For rendering I went with the concept of each object having 3 blocks/copies of all the state data required to render the object, such that the render thread could read 1, the update thread could write 1, and at the end of the update the update thread can have a different 1 and leave the newly updated 1 to render next. Interpolation is then used to greatly smooth the rendering out (basically everything is currently only simulated at 20Hz).


struct RenderStateForSomeObjectType
{
    Vector3I prevPos, pos;
    float prevPitch, pitch;
    float prevYaw yaw;
    ...
};

However what I really want to do is get the heavy lifting in the logic loop to make the best use of the additional threads (since at present at least everything else is still only on average around a single core). Actually getting logic to run in multiple threads seems like an incredibly difficult thing to do.

So my idea is to run the logic as essentially 1 thread, but at each stage of the logic step if the task can be completed with multiple threads (without a tonne of locks) then to give the task out to the worker threads, then wait for the task to complete before doing the next thing.

[attachment=17524:threads.png]

Is that a good plan, or is there some easy way to actually run all the logic on 3 or 4 threads all the time, or a better way to split the work up?

Advertisement

Tread lightly.

Multithreading an application only makes sense if work can be done independently. Even if you chain everything to just a single lock, you're still basically seeing single threaded performance. For example, a self contained routine to translate an email to a language can be split to multiple threads to convert a bundle of documents quickly. But, a routine that has a dependency that contains a lock will only see single threaded performance.
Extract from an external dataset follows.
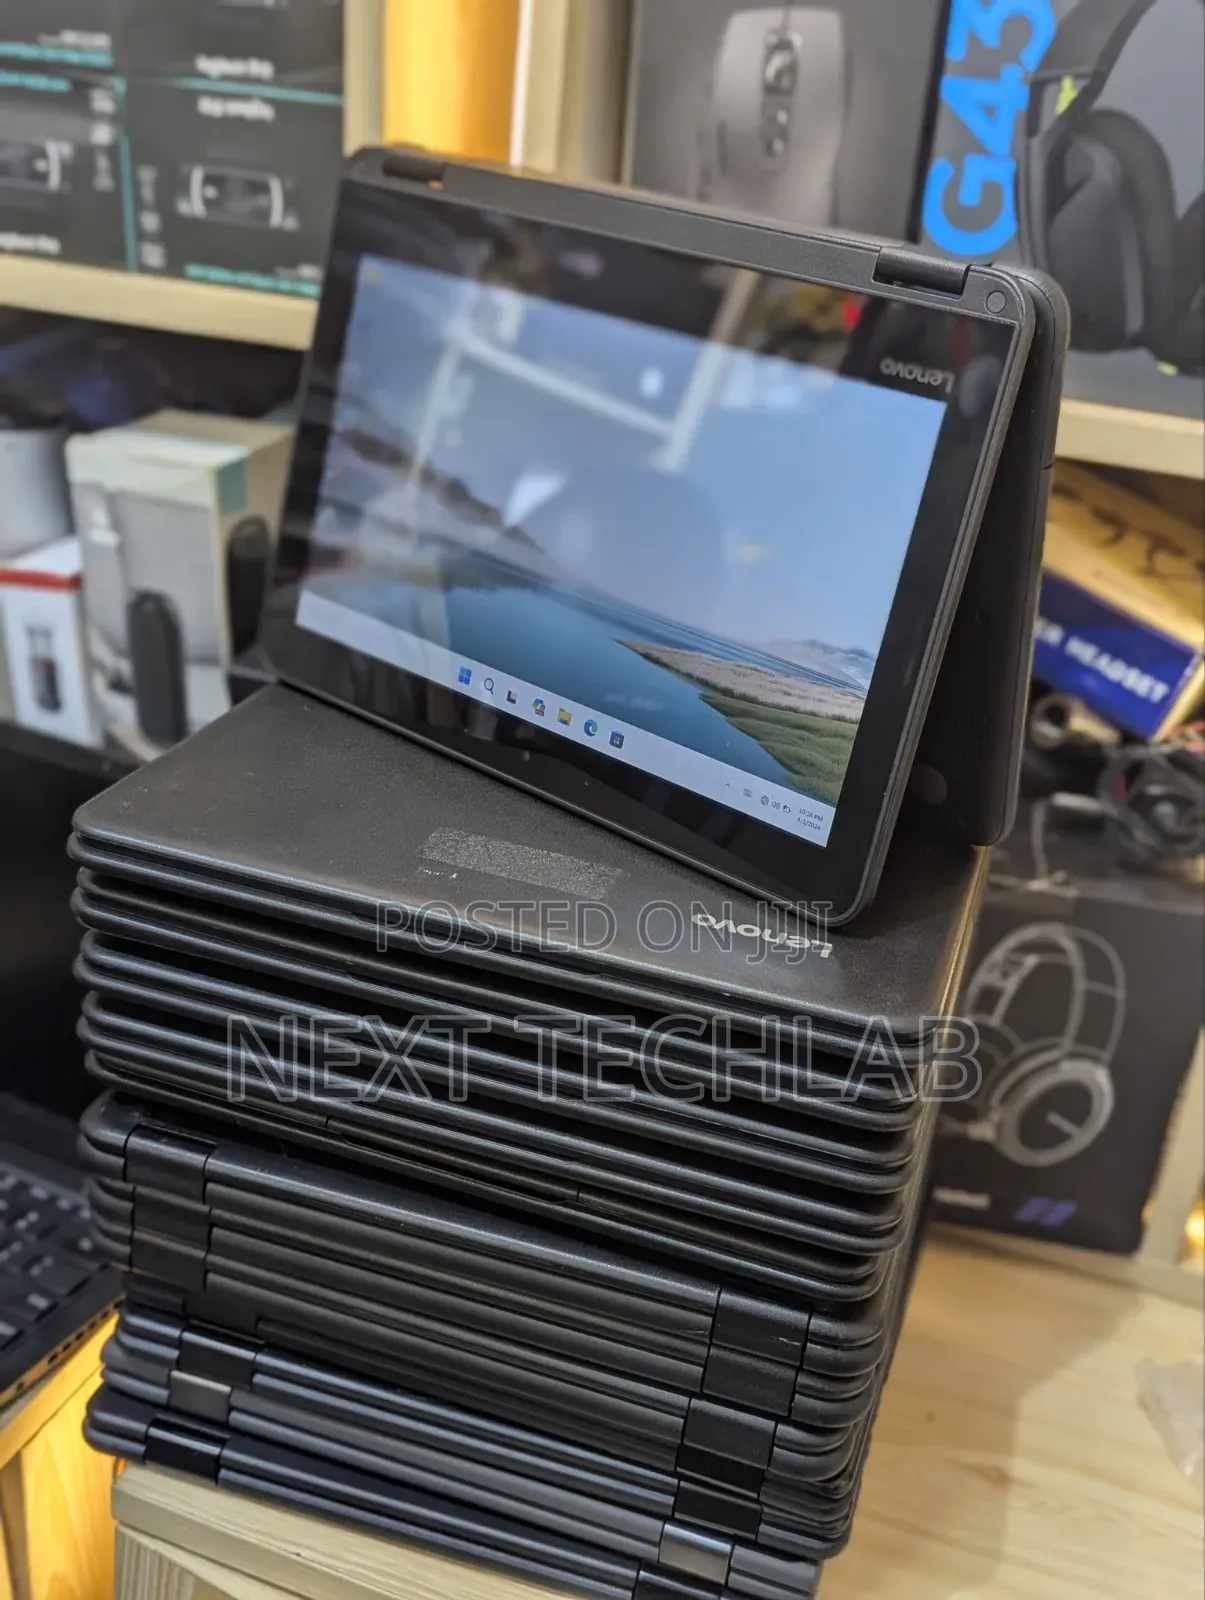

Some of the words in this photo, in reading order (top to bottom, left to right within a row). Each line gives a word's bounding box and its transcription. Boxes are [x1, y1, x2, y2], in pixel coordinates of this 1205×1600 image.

[880, 357, 955, 394] Lenovo
[1064, 636, 1169, 704] HEADSET
[813, 814, 823, 822] PM
[691, 913, 833, 959] Lenovo
So, you need to fundamentally split your engine/framework/etc (whatever you want to make use of multiple threads) into partitions of work that can be done independently. It should be done in such a way that after you give your initialization parameters it's basically a self contained thing. This could be devoting a thread to UI. There are also techniques to break down physics simulations to handle discrete portions of a scene. These can be ran in parallel.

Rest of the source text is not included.